Rochat pointed to the tall enclosures of polished oak.

‘The nave is the other side of those big boxes where the organ’s pipes live. The console lives between the pipes, it looks like a space ship. Do you want to see?’

‘I really want to pee.’


D’accord
.’

He led her to the other side of the tribune and through a wood door, down some winding stone steps and along a narrow passageway to another wood door that creaked when Rochat opened it, then down a few more steps into a large dusty room of unused tools and uncut blocks of limestone. Wood slats high above, sunlight pouring through plastic tarps flapping in the breeze. He shuffled to a wood shack in the corner of the room, unlocked the door. Inside was an old toilet and an old sink, a foggy mirror hanging on a nail, a string to a light bulb hanging from the ceiling.

‘I clean it every night, but there’s no hot water.’

‘I couldn’t care less just now. I’m going to have a bath in the sink.’

Rochat looked at the sink and then her, from his fuzzy slippers on her feet to the top of her blond hair.

‘You’re too big.’

‘I’ll think of something. Just don’t run off.’

‘I won’t run off.’ He reached in his coat, pulled out a fresh bandage with fresh strips of tape along the sides. ‘I made this before you woke up. I imagined you’d need it.’

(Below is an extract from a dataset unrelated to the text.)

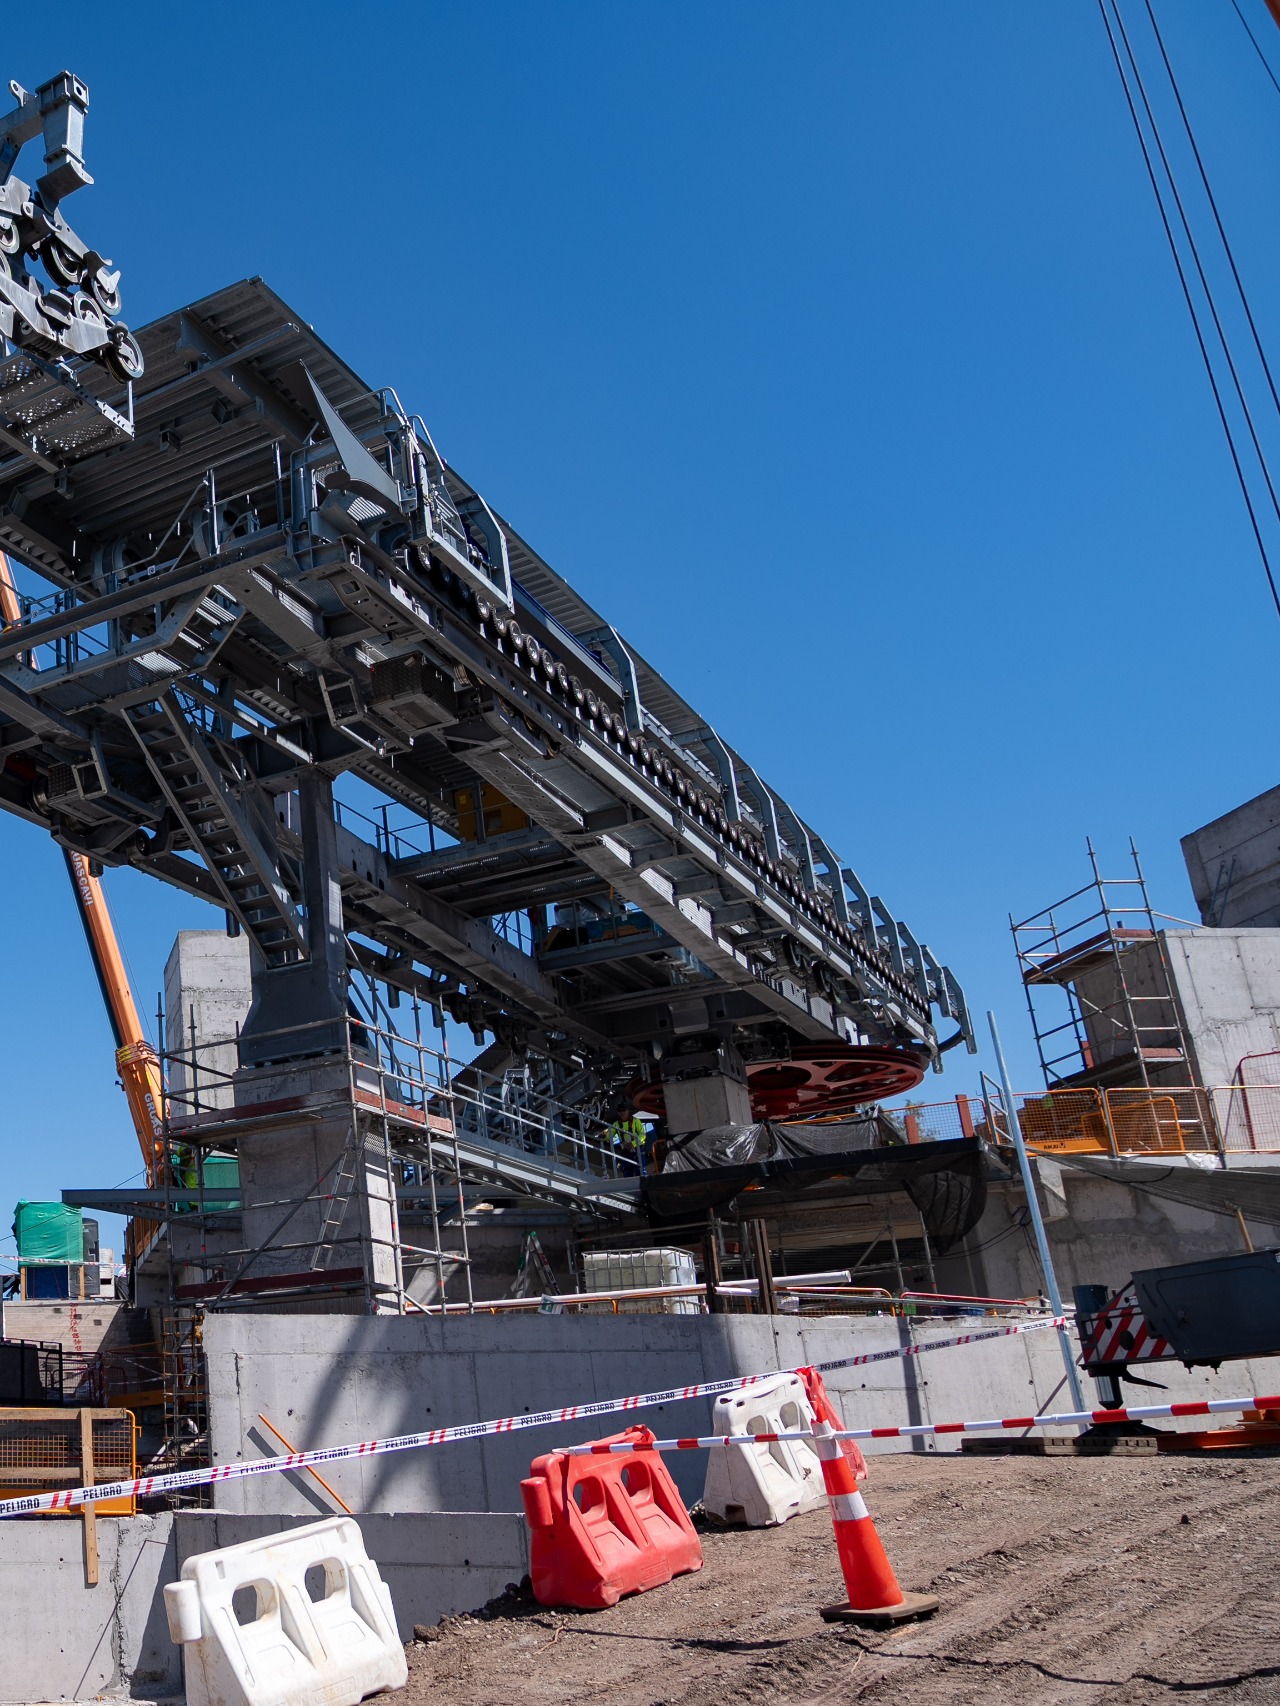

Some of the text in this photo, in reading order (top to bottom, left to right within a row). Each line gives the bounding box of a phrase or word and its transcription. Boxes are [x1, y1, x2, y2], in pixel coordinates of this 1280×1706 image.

[71, 850, 94, 906] UAS CAVI
[144, 1093, 163, 1136] GRUAS
[0, 1497, 40, 1514] PELIGRO
[83, 1485, 122, 1500] PELIGRO

‘Gosh, you’re a regular five-star concierge.’

‘I don’t know what that means.’

‘I’ll explain later. Don’t disappear, please.’

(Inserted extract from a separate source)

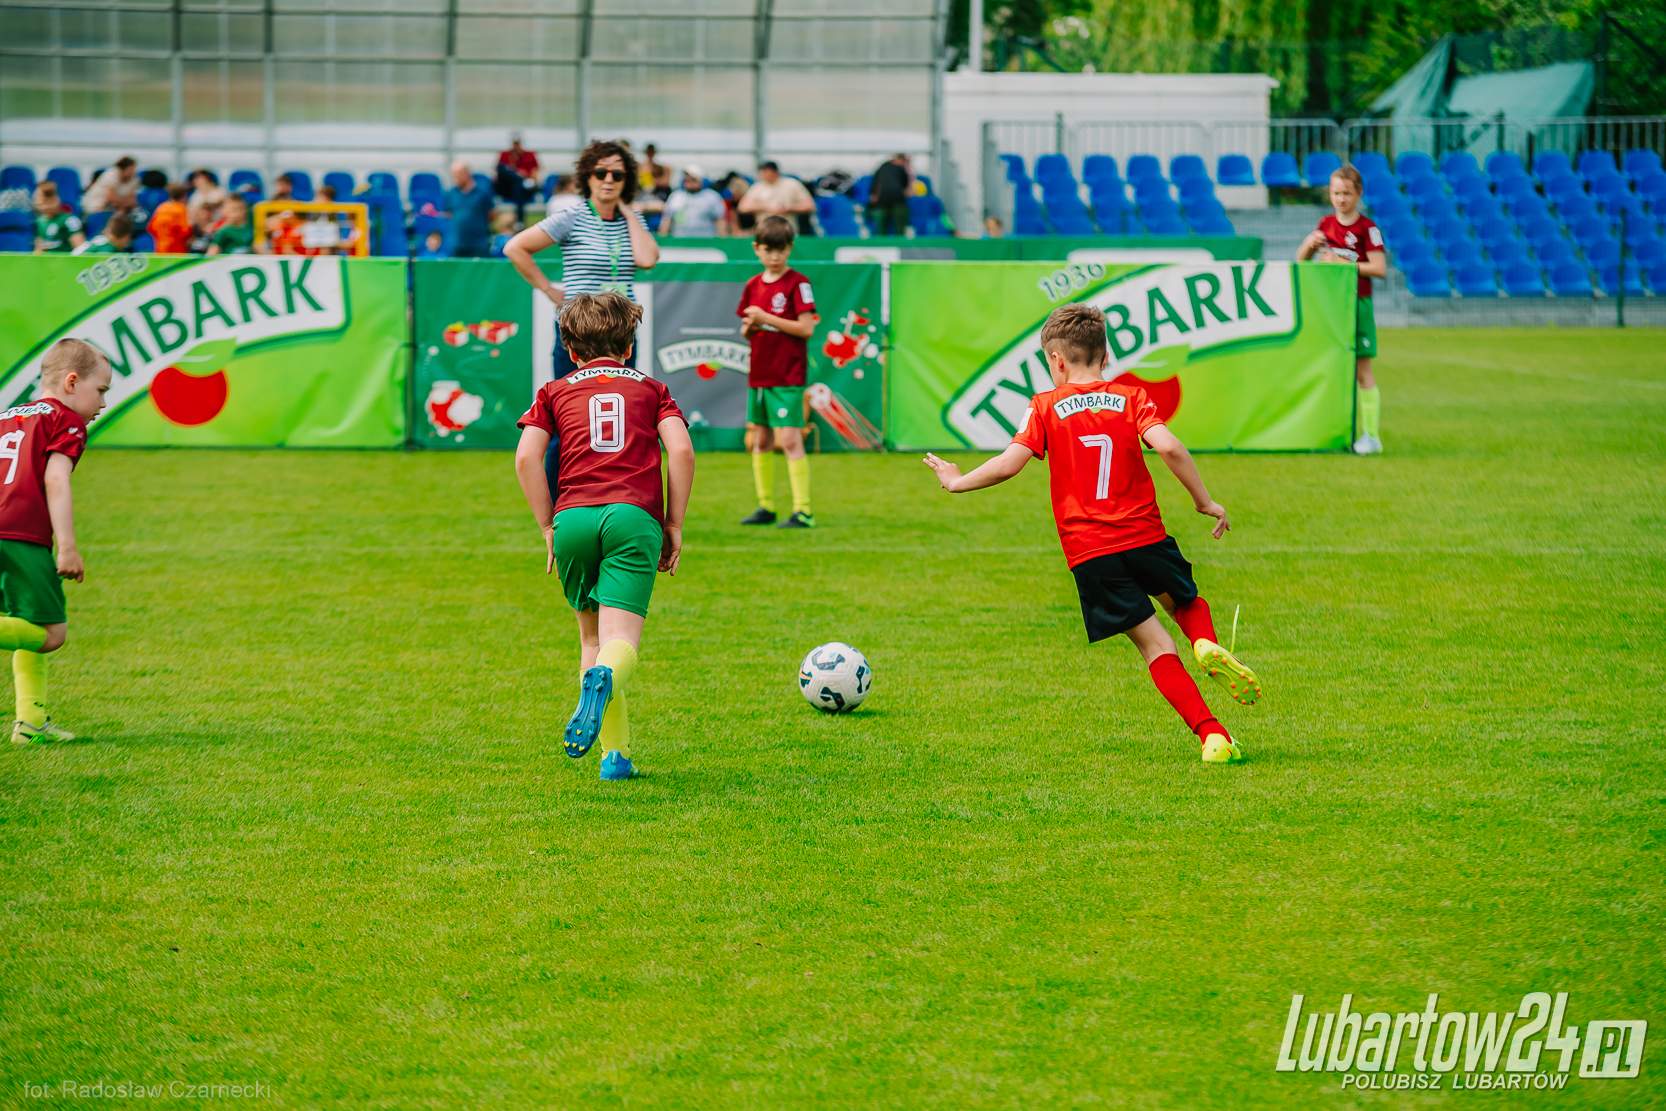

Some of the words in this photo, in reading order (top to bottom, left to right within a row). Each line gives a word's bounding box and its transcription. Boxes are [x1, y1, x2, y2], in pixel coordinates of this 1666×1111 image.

‘I won’t disappear please.’

She dashed in, closed the door.

Rochat stood quietly.

He heard the toilet flush and water run in the sink and her voice say, ‘Wow, it’s so cold!’ She made splashing sounds for a long time and when she came out she was towel-drying her hair with one hand, still holding up the trousers with the other. A fresh bandage was attached to her right cheek and her face had an inquisitive look.

‘Which Pope?’


Pardon?

‘Back there, in the tribune. Which Pope used to sit there?’

Rochat thought about it.

‘I don’t remember. He’s dead now.’

‘Huh.’ She looked up to the sunlight seeping through the wood slats and plastic tarp. ‘What happened to the roof?’

‘They’re fixing it. The covers blew off in the big storm. That’s where the unfinished tower is.’

‘Where?’

‘Up there.’

‘There’s nothing up there.’

‘That’s why it’s called the unfinished tower.’

‘What big storm?’

Rochat counted backwards.

‘Two nights ago, before it snowed. Don’t you remember?’

‘I was drugged out of my mind two nights ago.’ Katherine finished drying her hair and rolled the washing things in the towel. ‘You don’t have an extra belt, do you? I’m afraid your trousers are going to fall down around my ankles.’